Task goal:
Start at the line containing "Some of the words" and transcribe every line exactly through the end of the records below, and only those lines.

Available data:
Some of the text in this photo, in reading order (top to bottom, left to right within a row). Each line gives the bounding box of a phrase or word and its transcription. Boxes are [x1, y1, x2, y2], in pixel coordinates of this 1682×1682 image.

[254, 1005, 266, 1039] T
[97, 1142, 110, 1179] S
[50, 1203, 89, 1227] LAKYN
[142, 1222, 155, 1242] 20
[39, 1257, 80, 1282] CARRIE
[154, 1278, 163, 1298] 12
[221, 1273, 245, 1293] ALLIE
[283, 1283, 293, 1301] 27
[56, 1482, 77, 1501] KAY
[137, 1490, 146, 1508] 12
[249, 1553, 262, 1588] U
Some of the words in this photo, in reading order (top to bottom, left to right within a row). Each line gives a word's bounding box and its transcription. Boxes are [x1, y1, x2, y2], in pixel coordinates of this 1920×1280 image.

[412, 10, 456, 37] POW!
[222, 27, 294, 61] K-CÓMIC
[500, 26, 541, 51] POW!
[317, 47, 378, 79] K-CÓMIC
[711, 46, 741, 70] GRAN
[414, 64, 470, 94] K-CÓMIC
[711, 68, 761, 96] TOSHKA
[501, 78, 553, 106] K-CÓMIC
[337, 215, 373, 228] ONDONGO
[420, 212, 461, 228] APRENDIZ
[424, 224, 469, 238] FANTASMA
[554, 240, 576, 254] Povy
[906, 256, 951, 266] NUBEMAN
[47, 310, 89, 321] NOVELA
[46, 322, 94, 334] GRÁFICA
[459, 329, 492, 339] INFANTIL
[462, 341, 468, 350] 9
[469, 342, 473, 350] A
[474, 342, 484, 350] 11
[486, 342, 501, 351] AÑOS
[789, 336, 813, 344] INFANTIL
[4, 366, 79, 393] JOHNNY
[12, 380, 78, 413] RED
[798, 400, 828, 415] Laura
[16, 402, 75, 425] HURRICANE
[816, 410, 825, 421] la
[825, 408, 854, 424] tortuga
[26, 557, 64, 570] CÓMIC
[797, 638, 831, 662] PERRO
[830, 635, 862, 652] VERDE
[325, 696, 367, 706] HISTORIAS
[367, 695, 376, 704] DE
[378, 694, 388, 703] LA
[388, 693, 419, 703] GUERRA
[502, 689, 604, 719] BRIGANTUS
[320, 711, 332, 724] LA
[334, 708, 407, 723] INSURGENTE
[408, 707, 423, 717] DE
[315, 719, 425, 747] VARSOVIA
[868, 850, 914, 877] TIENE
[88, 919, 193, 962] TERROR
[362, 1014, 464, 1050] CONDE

Task result:
Some of the words in this photo, in reading order (top to bottom, left to right within a row). Each line gives a word's bounding box and its transcription. Boxes are [x1, y1, x2, y2], in pixel coordinates of this 1920×1280 image.

[412, 10, 456, 37] POW!
[222, 27, 294, 61] K-CÓMIC
[500, 26, 541, 51] POW!
[317, 47, 378, 79] K-CÓMIC
[711, 46, 741, 70] GRAN
[414, 64, 470, 94] K-CÓMIC
[711, 68, 761, 96] TOSHKA
[501, 78, 553, 106] K-CÓMIC
[337, 215, 373, 228] ONDONGO
[420, 212, 461, 228] APRENDIZ
[424, 224, 469, 238] FANTASMA
[554, 240, 576, 254] Povy
[906, 256, 951, 266] NUBEMAN
[47, 310, 89, 321] NOVELA
[46, 322, 94, 334] GRÁFICA
[459, 329, 492, 339] INFANTIL
[462, 341, 468, 350] 9
[469, 342, 473, 350] A
[474, 342, 484, 350] 11
[486, 342, 501, 351] AÑOS
[789, 336, 813, 344] INFANTIL
[4, 366, 79, 393] JOHNNY
[12, 380, 78, 413] RED
[798, 400, 828, 415] Laura
[16, 402, 75, 425] HURRICANE
[816, 410, 825, 421] la
[825, 408, 854, 424] tortuga
[26, 557, 64, 570] CÓMIC
[797, 638, 831, 662] PERRO
[830, 635, 862, 652] VERDE
[325, 696, 367, 706] HISTORIAS
[367, 695, 376, 704] DE
[378, 694, 388, 703] LA
[388, 693, 419, 703] GUERRA
[502, 689, 604, 719] BRIGANTUS
[320, 711, 332, 724] LA
[334, 708, 407, 723] INSURGENTE
[408, 707, 423, 717] DE
[315, 719, 425, 747] VARSOVIA
[868, 850, 914, 877] TIENE
[88, 919, 193, 962] TERROR
[362, 1014, 464, 1050] CONDE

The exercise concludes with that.